Publication Type:Journal Article
Source:Nat Commun, Volume 6, p.7841 (2015)
Keywords:Adult, Animals, Apoptosis, asb, Blotting, Western, Diabetes Mellitus, Experimental, Diabetic Nephropathies, Disease Progression, eIF-2 Kinase, Endoplasmic Reticulum Stress, Female, Gene Knock-In Techniques, Gene Knockdown Techniques, HEK293 Cells, Humans, Immunohistochemistry, Kidney Diseases, Male, Mice, Middle Aged, Nerve Tissue Proteins, Real-Time Polymerase Chain Reaction, Renal Insufficiency, Chronic, Signal Transduction, Ureteral Obstruction
Identification of new biomarkers and drug targets for chronic kidney disease (CKD) is required for the development of more effective therapy.
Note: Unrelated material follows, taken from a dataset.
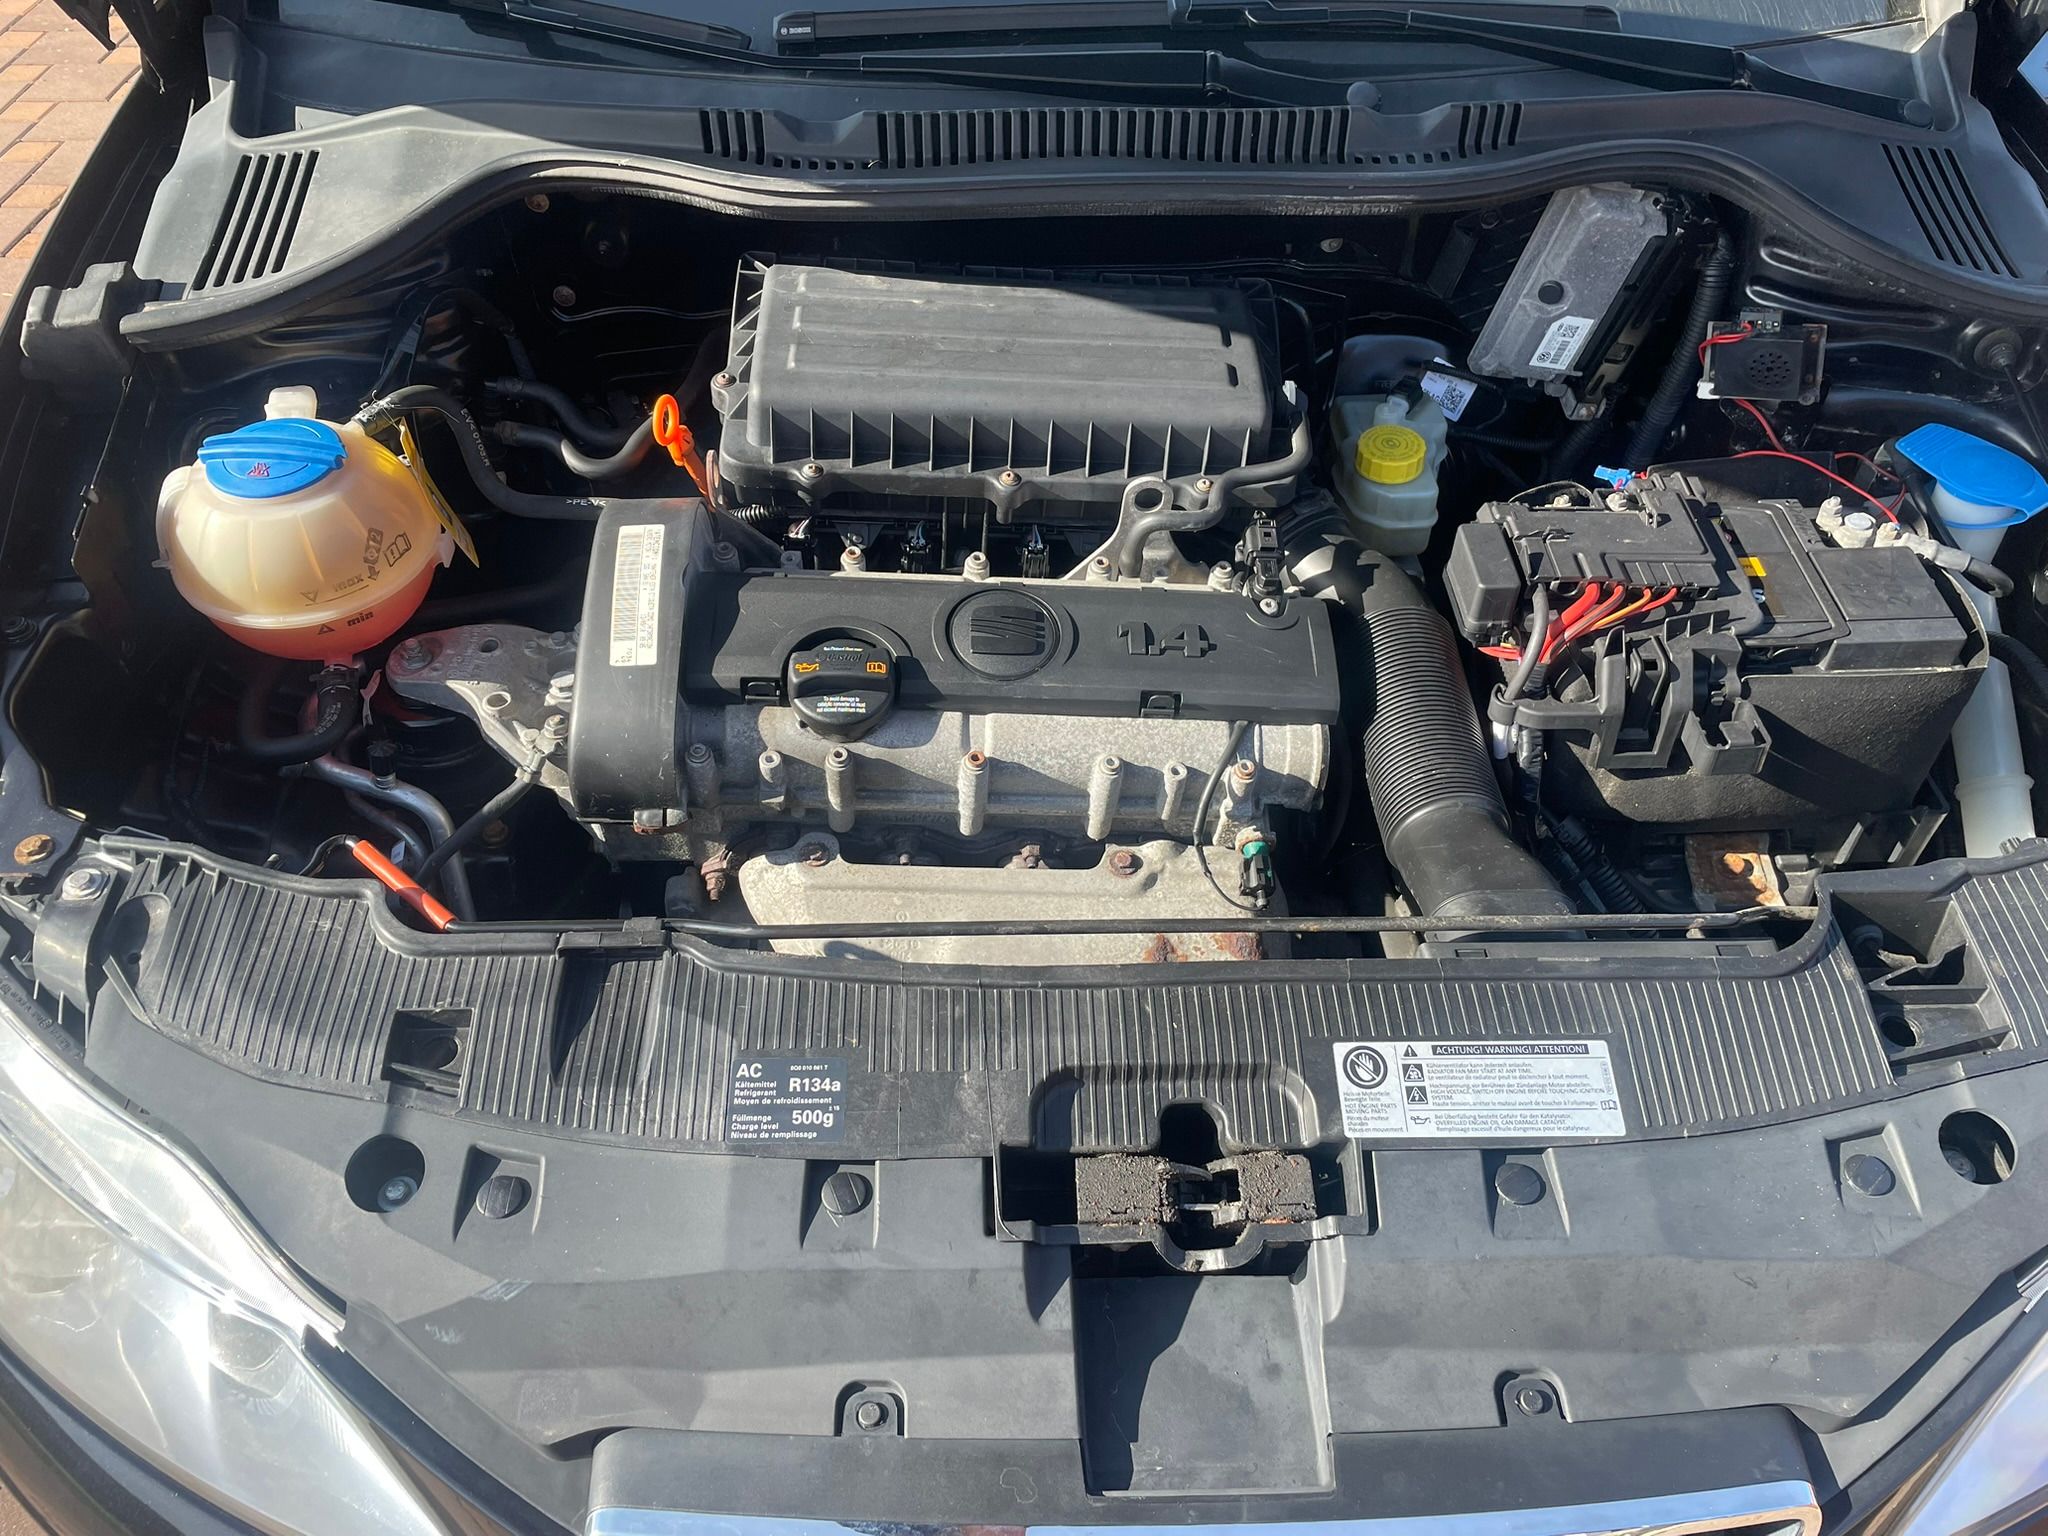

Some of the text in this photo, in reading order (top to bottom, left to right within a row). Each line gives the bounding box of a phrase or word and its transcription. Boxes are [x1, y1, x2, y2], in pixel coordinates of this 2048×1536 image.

Here we report an association between expression of reticulon 1 (RTN1) and severity of CKD. An isoform-specific increase in the expression of RTN1A is detected in the diseased kidneys from mice and humans, and correlates inversely with renal function in patients with diabetic nephropathy. RTN1 overexpression in renal cells induces ER stress and apoptosis, whereas RTN1 knockdown attenuates tunicamycin-induced and hyperglycaemia-induced ER stress and apoptosis. RTN1A interacts with PERK through its N-terminal and C-terminal domains, and mutation of these domains prevents this effect on ER stress. Knockdown of Rtn1a expression in vivo attenuates ER stress and renal fibrosis in mice with unilateral ureteral obstruction, and also attenuates ER stress, proteinuria, glomerular hypertrophy and mesangial expansion in diabetic mice. Together, these data indicate that RTN1A contributes to progression of kidney disease by inducing ER stress.